→ ACTIVITY
Leave out the images; return the rest of the data exactly.

→ EXTRACTED RECORDS
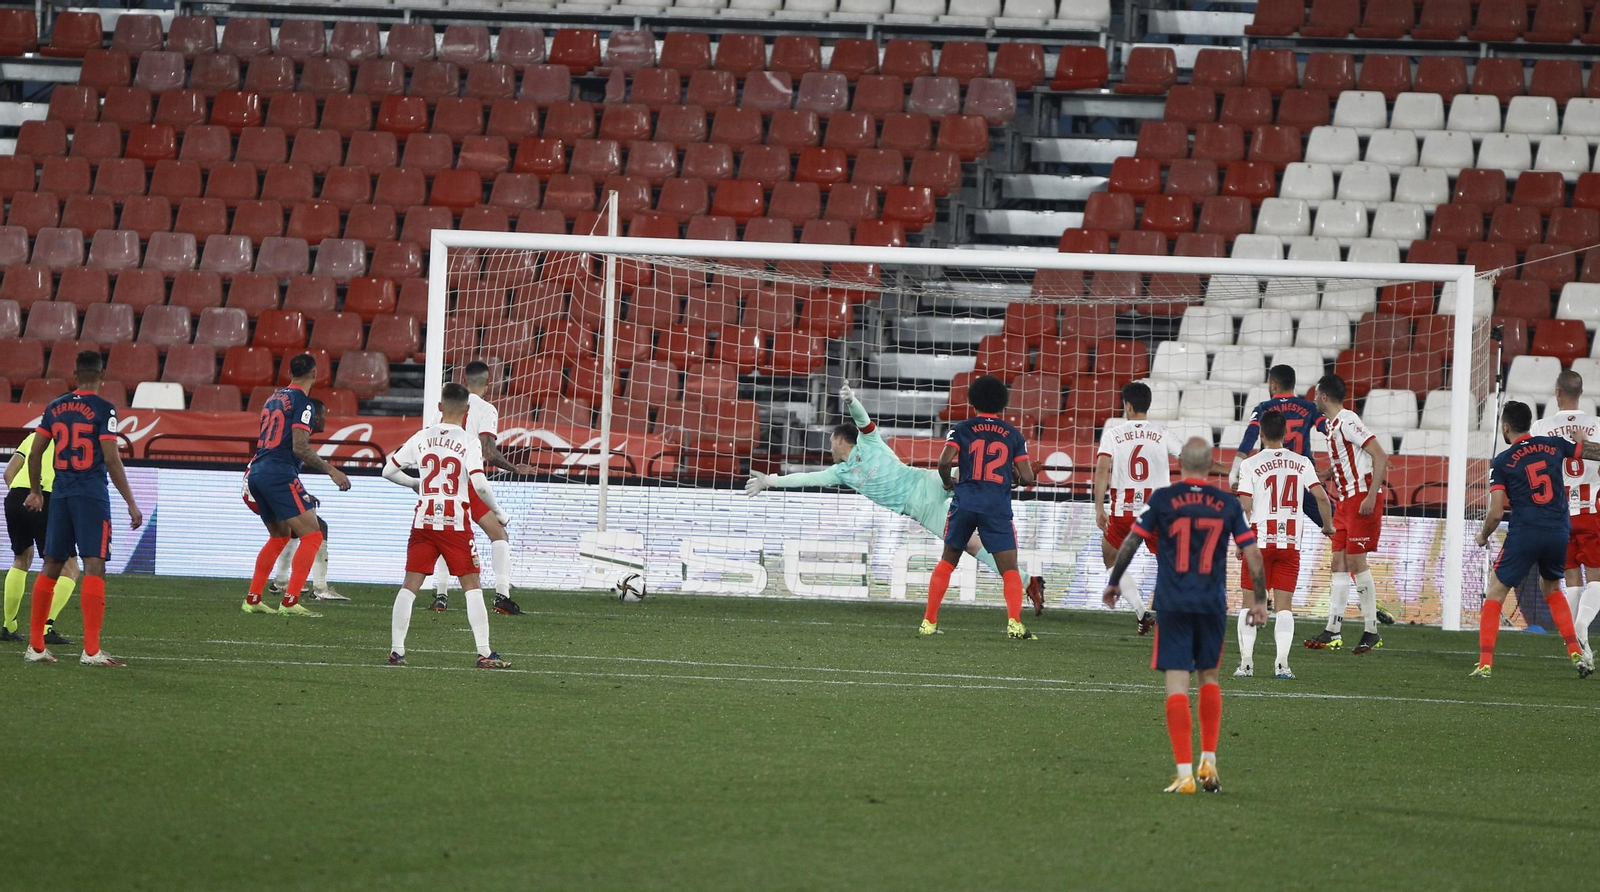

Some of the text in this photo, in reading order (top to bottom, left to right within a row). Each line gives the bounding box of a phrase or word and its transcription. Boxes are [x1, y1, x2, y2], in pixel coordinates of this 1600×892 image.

[51, 402, 96, 420] FERNANDO
[257, 408, 286, 450] 20
[51, 421, 95, 471] 25
[417, 436, 467, 459] F. VILLALBA
[1114, 435, 1125, 444] C.
[1146, 430, 1163, 444] HOZ
[420, 453, 462, 497] 23
[968, 438, 1009, 484] 12
[1127, 443, 1149, 483] 6
[1254, 459, 1306, 478] ROBERTONE
[1524, 459, 1554, 505] 5
[1170, 492, 1204, 511] ALEIX
[1263, 473, 1299, 515] 14
[1168, 516, 1225, 574] 17
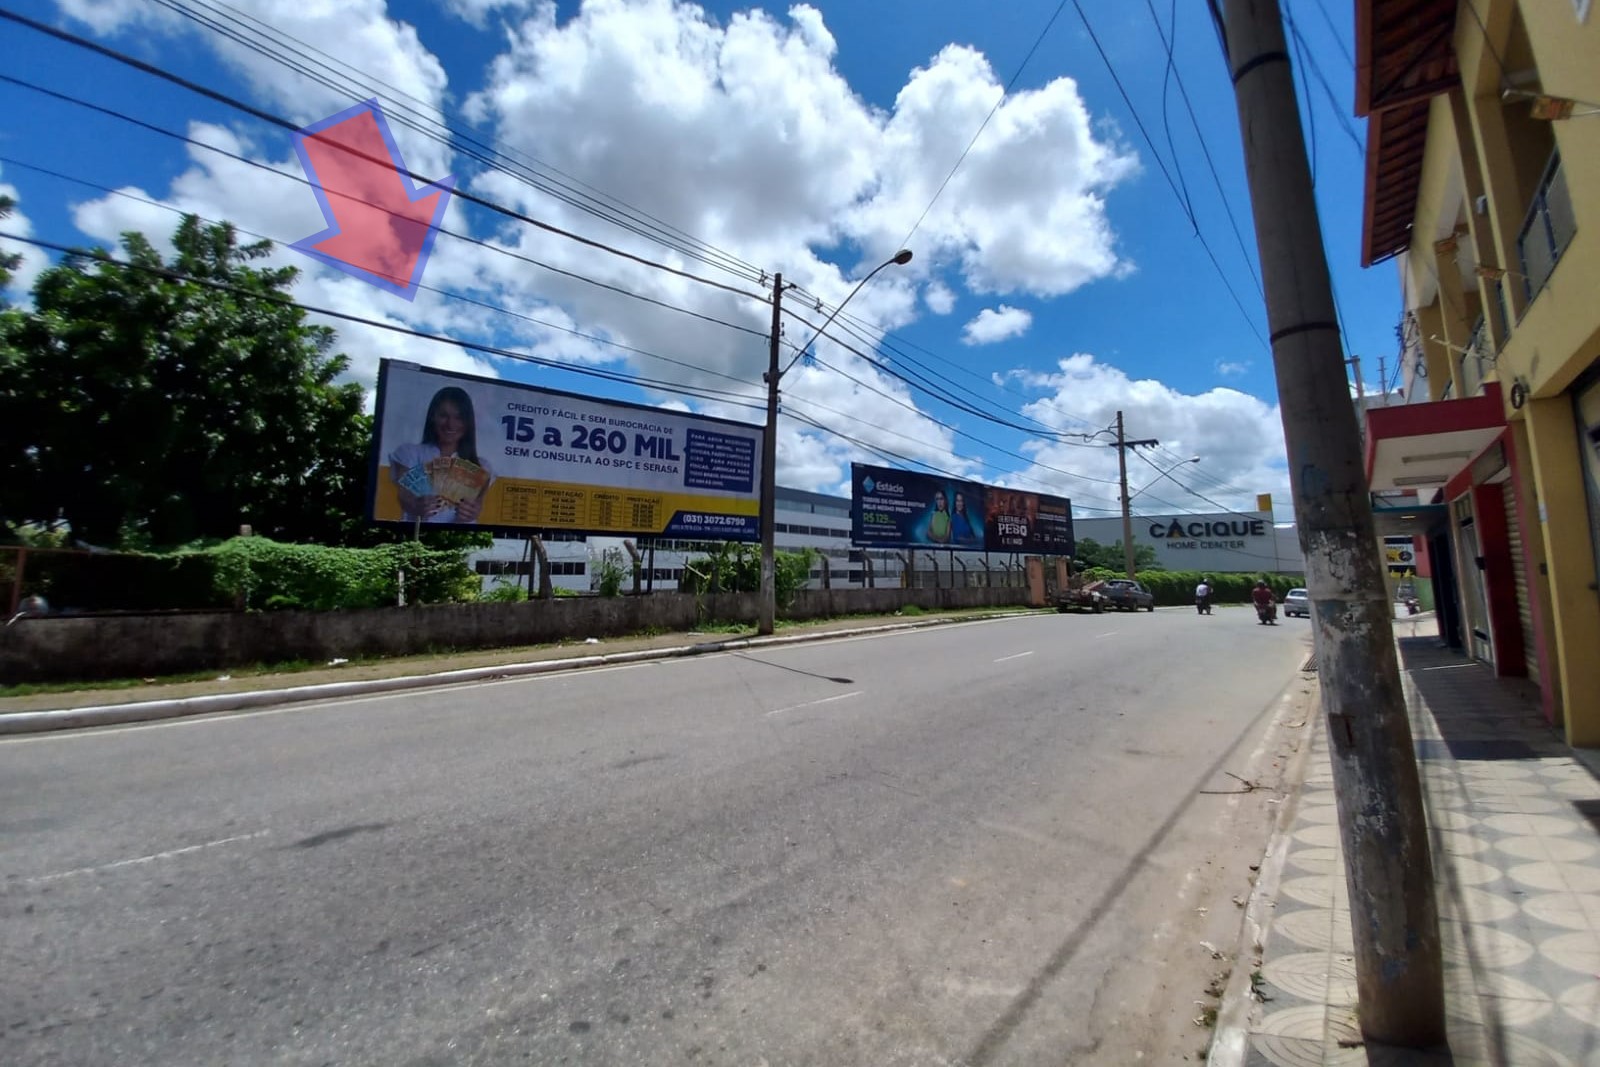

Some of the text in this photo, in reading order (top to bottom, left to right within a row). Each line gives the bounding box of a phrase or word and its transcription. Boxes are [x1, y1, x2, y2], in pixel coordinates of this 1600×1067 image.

[588, 414, 607, 424] SEM
[608, 418, 662, 433] BUROCRACIA
[663, 427, 673, 435] DE
[501, 415, 680, 461] 15 a 260 MIL
[504, 446, 530, 458] SEM
[533, 449, 592, 465] CONSULTA
[595, 457, 610, 466] AO
[612, 458, 633, 469] SPC
[634, 461, 640, 470] E
[643, 462, 679, 474] SERASA
[682, 514, 703, 524] (031)
[1149, 518, 1265, 539] CACIQUE
[1167, 540, 1245, 550] HOME CENTER
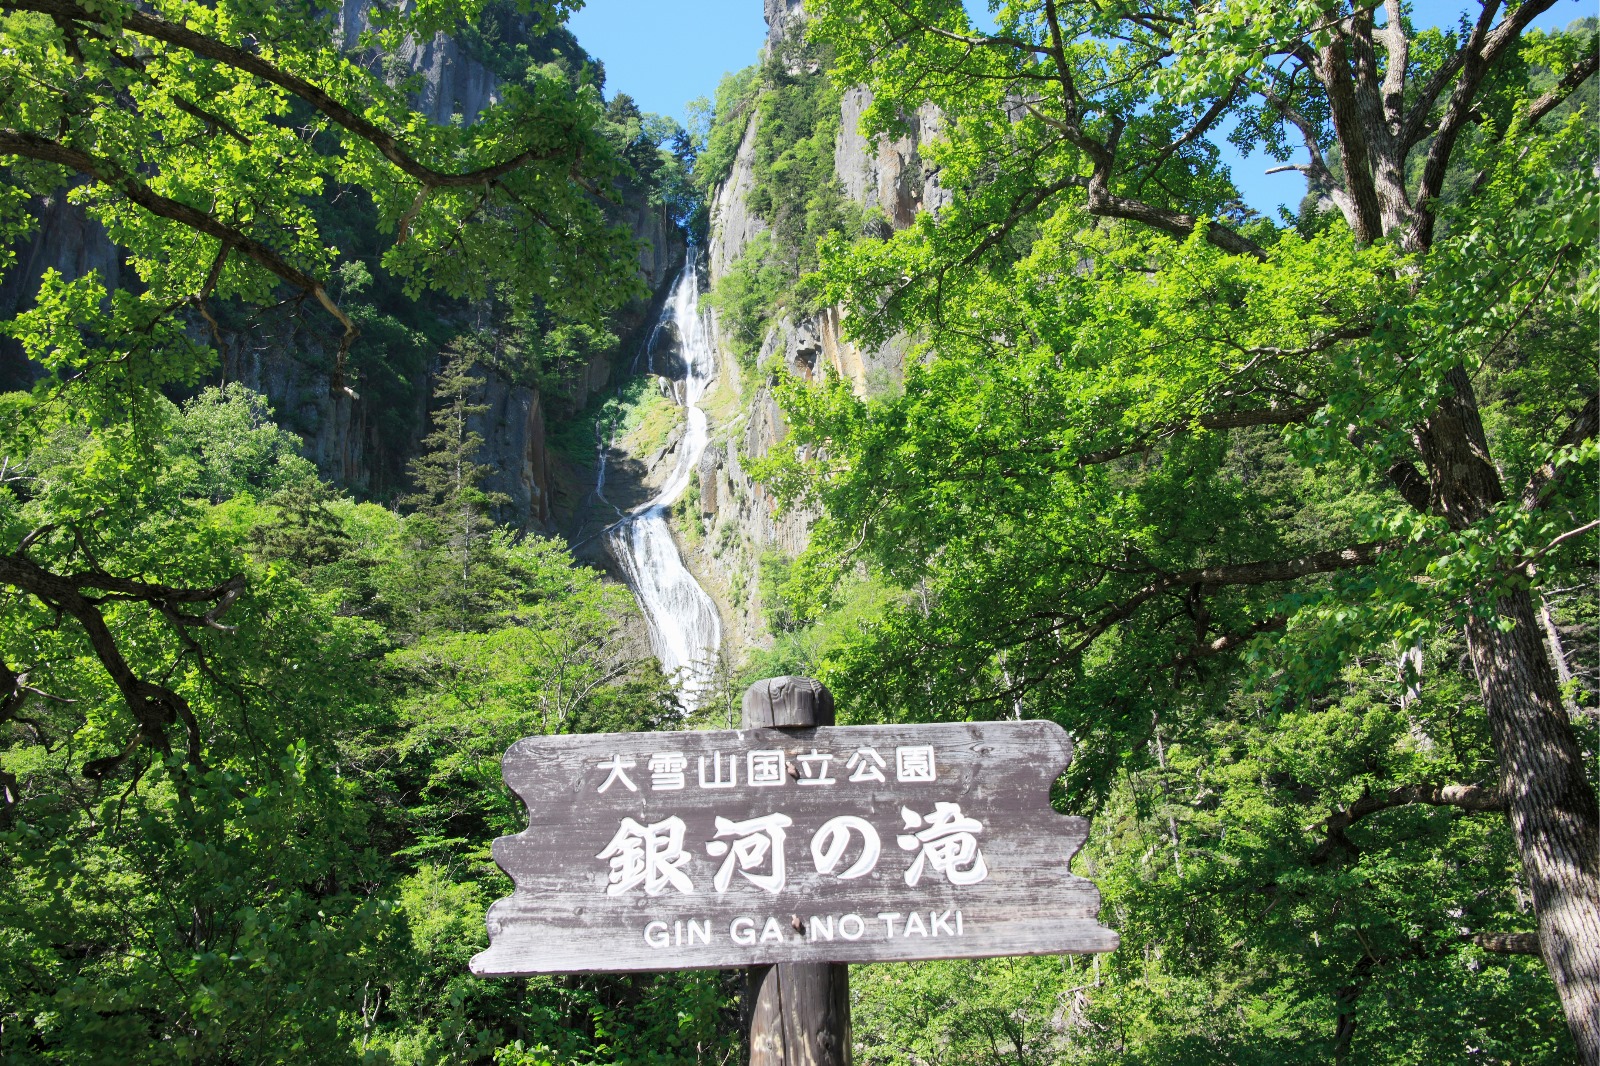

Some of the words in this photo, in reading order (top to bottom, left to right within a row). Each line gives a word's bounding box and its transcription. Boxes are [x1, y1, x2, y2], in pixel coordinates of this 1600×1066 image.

[596, 744, 937, 794] 大雪山国立公園
[595, 801, 990, 898] 銀河の滝
[643, 918, 712, 949] GIN
[729, 915, 785, 946] GA
[810, 913, 866, 943] NO
[876, 909, 965, 939] TAKI
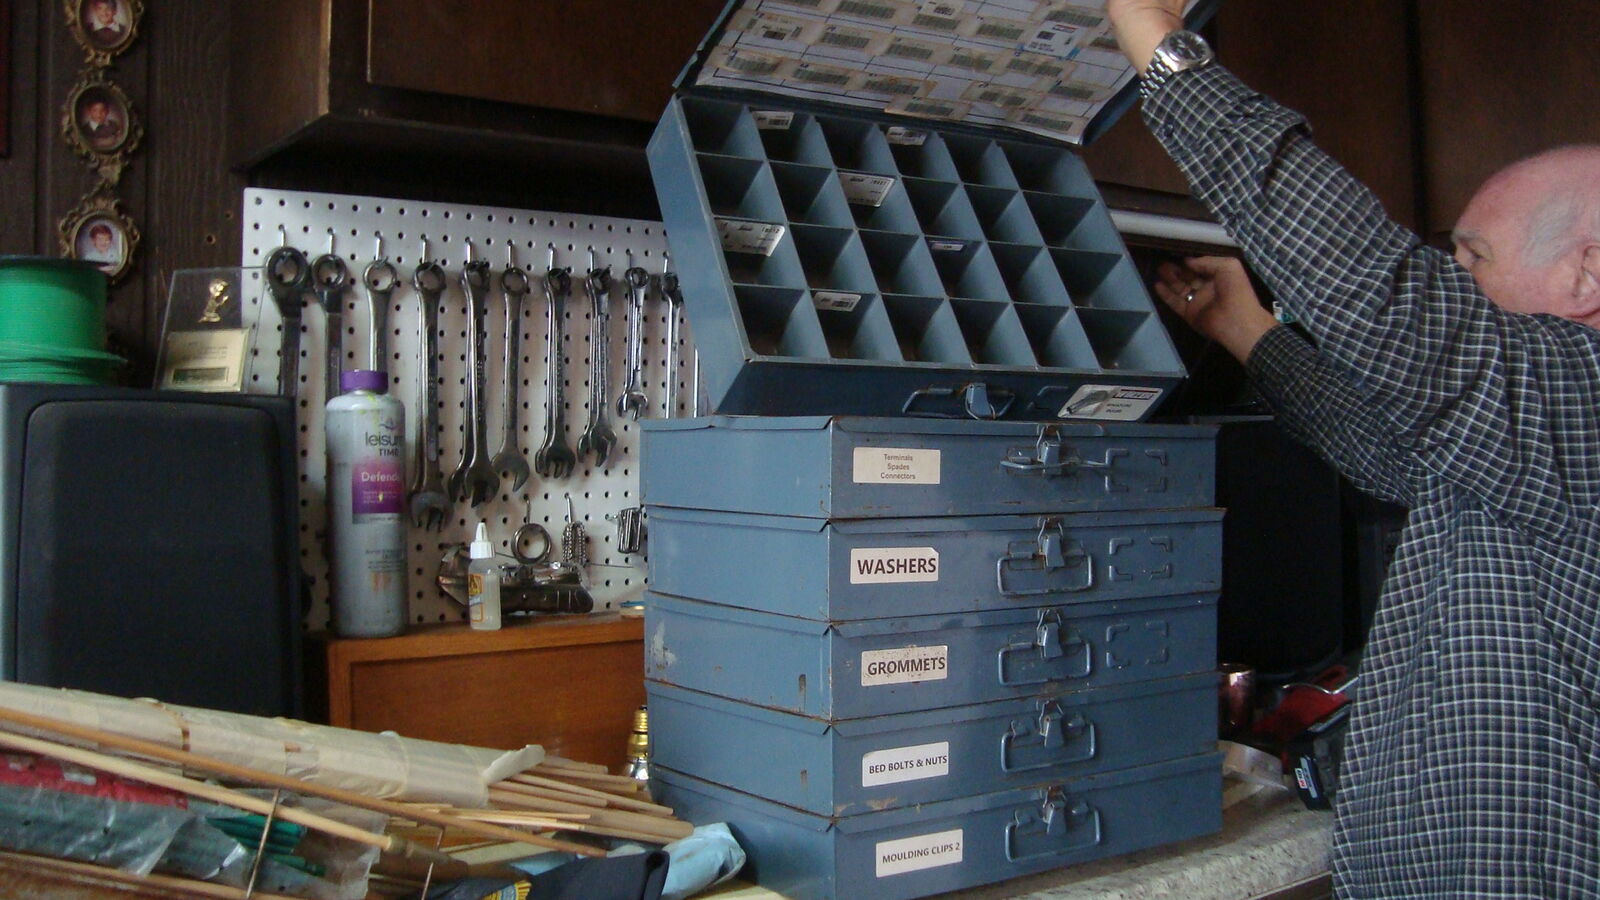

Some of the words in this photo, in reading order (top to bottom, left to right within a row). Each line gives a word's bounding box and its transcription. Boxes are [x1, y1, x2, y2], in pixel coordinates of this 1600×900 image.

→ WORKED SOLUTION
Some of the text in this photo, in reading order (top to bottom, left to right within a row). Each line gives the bounding box of a phrase or word and its transcription. Boxes are [x1, y1, x2, y2], in pixel coordinates of this 1600×892 image.

[51, 402, 96, 420] FERNANDO
[257, 408, 286, 450] 20
[51, 421, 95, 471] 25
[417, 436, 467, 459] F. VILLALBA
[1114, 435, 1125, 444] C.
[1146, 430, 1163, 444] HOZ
[420, 453, 462, 497] 23
[968, 438, 1009, 484] 12
[1127, 443, 1149, 483] 6
[1254, 459, 1306, 478] ROBERTONE
[1524, 459, 1554, 505] 5
[1170, 492, 1204, 511] ALEIX
[1263, 473, 1299, 515] 14
[1168, 516, 1225, 574] 17

Some of the text in this photo, in reading order (top to bottom, left to right within a row). Each line gives the bounding box of a phrase or word and its transcription. Boxes are [x1, y1, x2, y2], in pixel coordinates of this 1600×1067 image.

[588, 414, 607, 424] SEM
[608, 418, 662, 433] BUROCRACIA
[663, 427, 673, 435] DE
[501, 415, 680, 461] 15 a 260 MIL
[504, 446, 530, 458] SEM
[533, 449, 592, 465] CONSULTA
[595, 457, 610, 466] AO
[612, 458, 633, 469] SPC
[634, 461, 640, 470] E
[643, 462, 679, 474] SERASA
[682, 514, 703, 524] (031)
[1149, 518, 1265, 539] CACIQUE
[1167, 540, 1245, 550] HOME CENTER

Some of the words in this photo, in reading order (top to bottom, left to right within a row). Each line gives a word's bounding box and its transcription. Boxes are [x1, y1, x2, y2], in pixel coordinates of this 1600×1066 image.

[596, 744, 937, 794] 大雪山国立公園
[595, 801, 990, 898] 銀河の滝
[643, 918, 712, 949] GIN
[729, 915, 785, 946] GA
[810, 913, 866, 943] NO
[876, 909, 965, 939] TAKI

Some of the words in this photo, in reading order (top to bottom, left to right within a row). Each line gives a word's bounding box and its transcription. Boxes are [x1, y1, x2, y2], in pixel coordinates of this 1600×900 image.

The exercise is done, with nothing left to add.